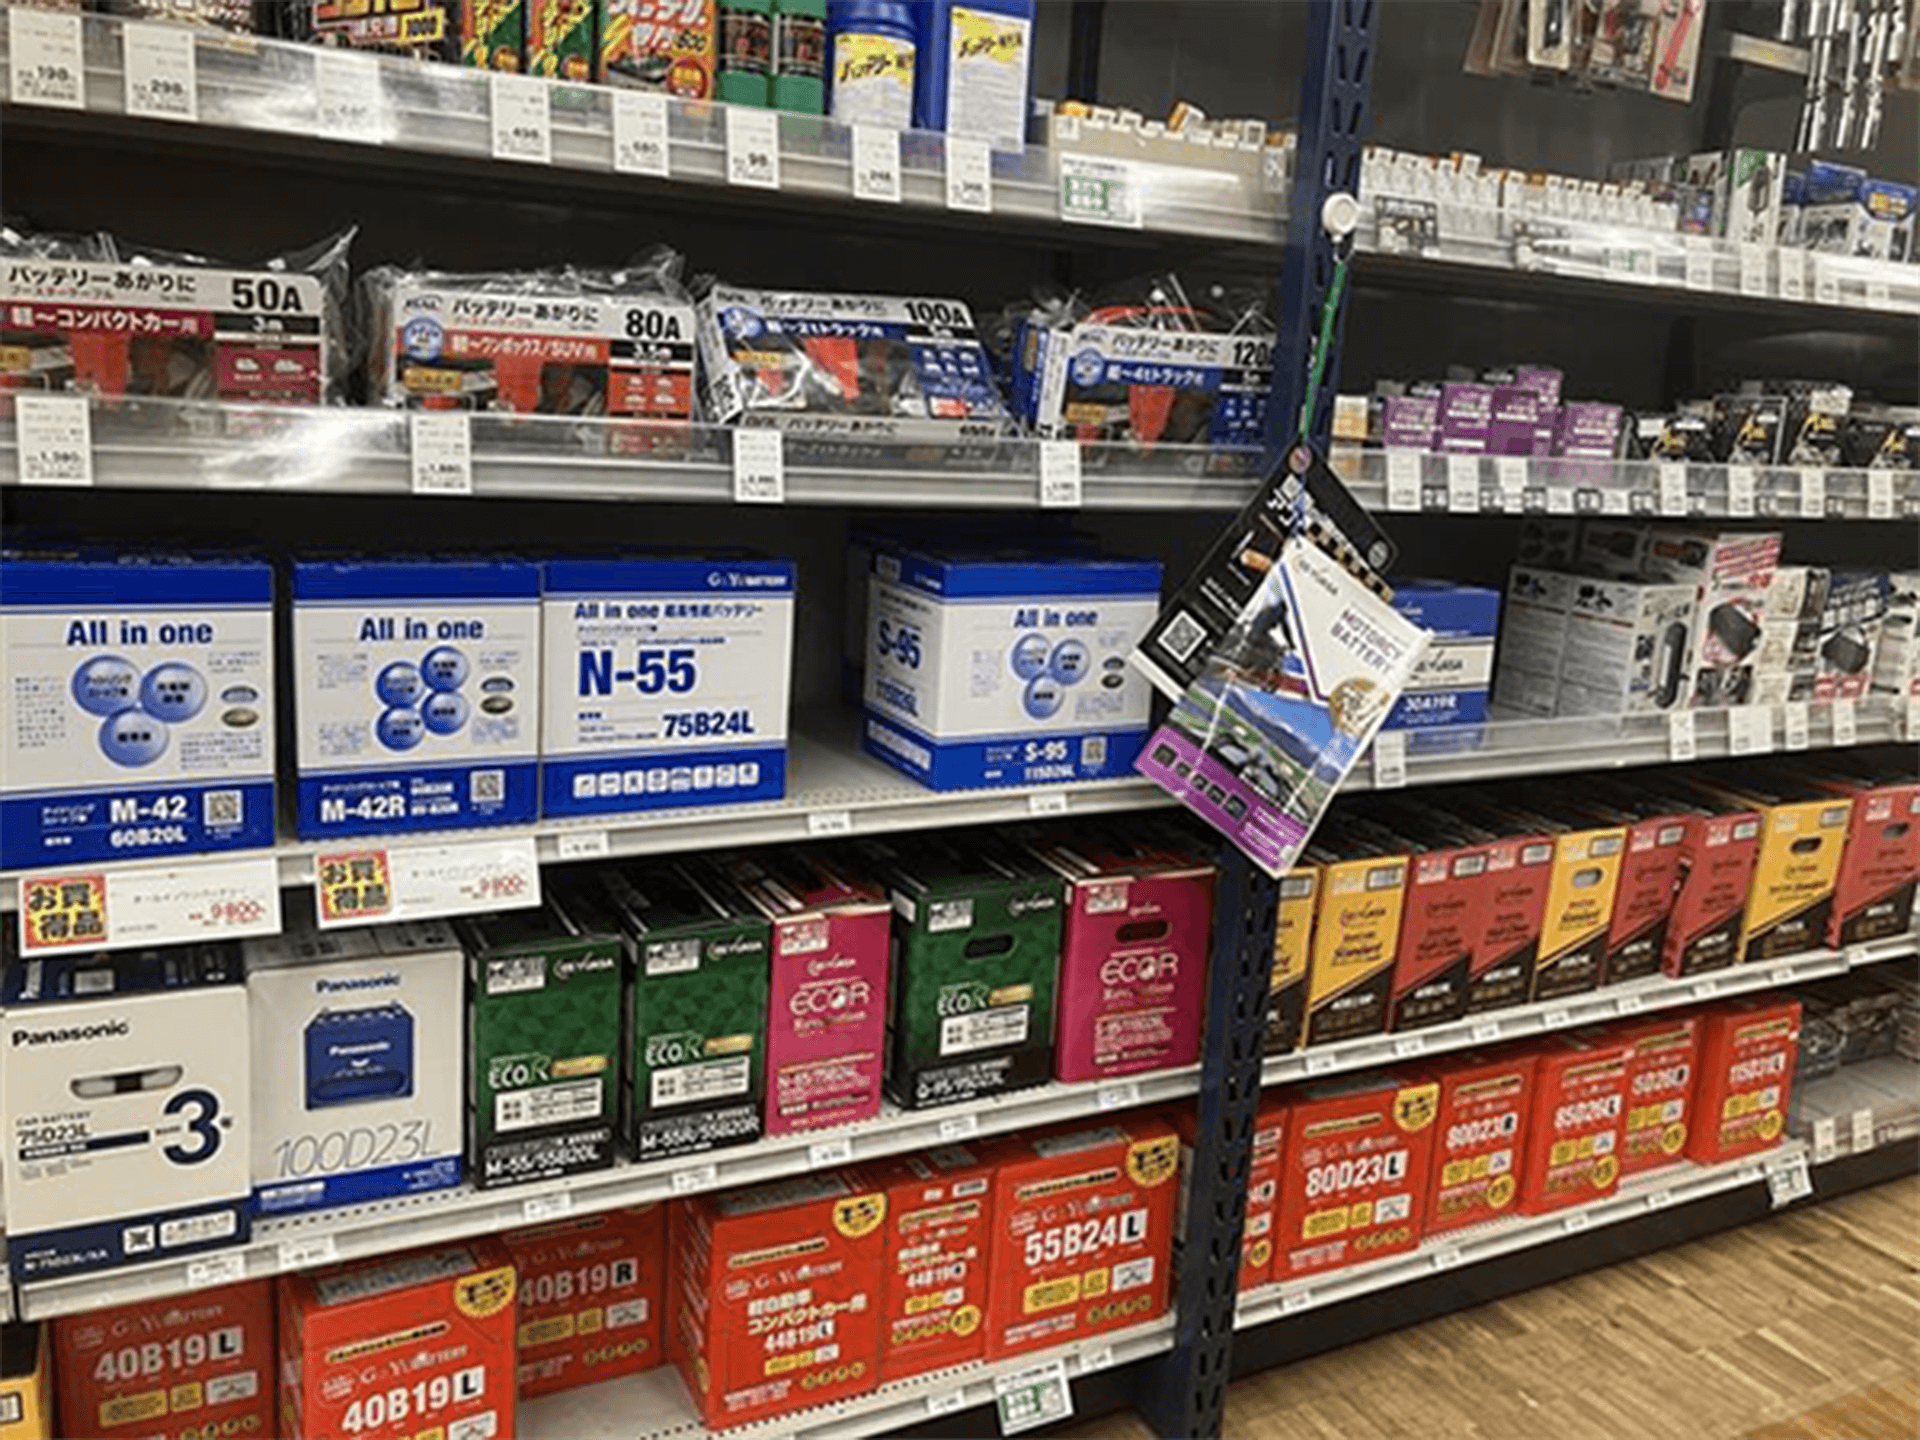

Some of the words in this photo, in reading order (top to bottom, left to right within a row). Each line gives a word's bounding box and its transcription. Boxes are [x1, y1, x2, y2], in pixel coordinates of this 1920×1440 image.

[9, 265, 196, 292] バッテリーあがりに
[232, 277, 302, 313] 50A
[453, 299, 600, 323] バッテリーあがりに
[625, 308, 682, 340] 80A
[904, 302, 968, 327] 100A
[575, 604, 599, 619] All
[605, 603, 621, 619] in
[627, 604, 659, 618] one
[1013, 609, 1038, 628] All
[1043, 608, 1061, 627] in
[1065, 610, 1098, 626] one
[66, 619, 109, 647] All
[120, 619, 148, 645] in
[158, 623, 214, 645] one
[359, 617, 395, 642] All
[404, 616, 428, 640] in
[437, 618, 484, 640] one
[578, 649, 696, 696] N-55
[663, 710, 755, 738] 75B24L
[1023, 740, 1068, 763] S-95
[109, 795, 189, 823] M-42
[319, 794, 407, 824] M-42R
[28, 882, 92, 912] お買
[316, 972, 401, 993] Panasonic
[11, 1019, 130, 1047] Panasonic
[16, 1124, 92, 1146] 75D23L
[163, 1087, 222, 1166] 3
[274, 1119, 442, 1178] 100D23L
[1305, 1150, 1408, 1198] 80D23L
[1024, 1209, 1146, 1268] 55B24L
[518, 1258, 639, 1306] 40B19R
[93, 1326, 243, 1383] 40B19L
[341, 1366, 485, 1433] 40B19L

______________________________

• **Problem to solve**:
All records are to be reproduced exactly; the pictures are to be omitted.

• **Exercise result**:
Some of the words in this photo, in reading order (top to bottom, left to right within a row). Each line gives a word's bounding box and its transcription. Boxes are [x1, y1, x2, y2], in pixel coordinates of this 1920×1440 image.

[9, 265, 196, 292] バッテリーあがりに
[232, 277, 302, 313] 50A
[453, 299, 600, 323] バッテリーあがりに
[625, 308, 682, 340] 80A
[904, 302, 968, 327] 100A
[575, 604, 599, 619] All
[605, 603, 621, 619] in
[627, 604, 659, 618] one
[1013, 609, 1038, 628] All
[1043, 608, 1061, 627] in
[1065, 610, 1098, 626] one
[66, 619, 109, 647] All
[120, 619, 148, 645] in
[158, 623, 214, 645] one
[359, 617, 395, 642] All
[404, 616, 428, 640] in
[437, 618, 484, 640] one
[578, 649, 696, 696] N-55
[663, 710, 755, 738] 75B24L
[1023, 740, 1068, 763] S-95
[109, 795, 189, 823] M-42
[319, 794, 407, 824] M-42R
[28, 882, 92, 912] お買
[316, 972, 401, 993] Panasonic
[11, 1019, 130, 1047] Panasonic
[16, 1124, 92, 1146] 75D23L
[163, 1087, 222, 1166] 3
[274, 1119, 442, 1178] 100D23L
[1305, 1150, 1408, 1198] 80D23L
[1024, 1209, 1146, 1268] 55B24L
[518, 1258, 639, 1306] 40B19R
[93, 1326, 243, 1383] 40B19L
[341, 1366, 485, 1433] 40B19L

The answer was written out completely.